[Stored data]

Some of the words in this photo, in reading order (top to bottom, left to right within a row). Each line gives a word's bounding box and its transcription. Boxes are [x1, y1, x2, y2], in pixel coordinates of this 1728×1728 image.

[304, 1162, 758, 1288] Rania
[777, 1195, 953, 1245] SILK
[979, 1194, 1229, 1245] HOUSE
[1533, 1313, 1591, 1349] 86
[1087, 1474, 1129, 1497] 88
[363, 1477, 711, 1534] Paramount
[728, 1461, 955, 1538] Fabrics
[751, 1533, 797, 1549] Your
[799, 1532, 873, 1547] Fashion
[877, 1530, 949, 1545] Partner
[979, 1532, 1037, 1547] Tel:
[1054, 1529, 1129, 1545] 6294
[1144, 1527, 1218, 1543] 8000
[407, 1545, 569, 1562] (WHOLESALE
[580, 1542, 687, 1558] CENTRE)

Problem to solve — From the first line to the last, repeat the records exactly.

Answer box —
Some of the words in this photo, in reading order (top to bottom, left to right within a row). Each line gives a word's bounding box and its transcription. Boxes are [x1, y1, x2, y2], in pixel coordinates of this 1728×1728 image.

[304, 1162, 758, 1288] Rania
[777, 1195, 953, 1245] SILK
[979, 1194, 1229, 1245] HOUSE
[1533, 1313, 1591, 1349] 86
[1087, 1474, 1129, 1497] 88
[363, 1477, 711, 1534] Paramount
[728, 1461, 955, 1538] Fabrics
[751, 1533, 797, 1549] Your
[799, 1532, 873, 1547] Fashion
[877, 1530, 949, 1545] Partner
[979, 1532, 1037, 1547] Tel:
[1054, 1529, 1129, 1545] 6294
[1144, 1527, 1218, 1543] 8000
[407, 1545, 569, 1562] (WHOLESALE
[580, 1542, 687, 1558] CENTRE)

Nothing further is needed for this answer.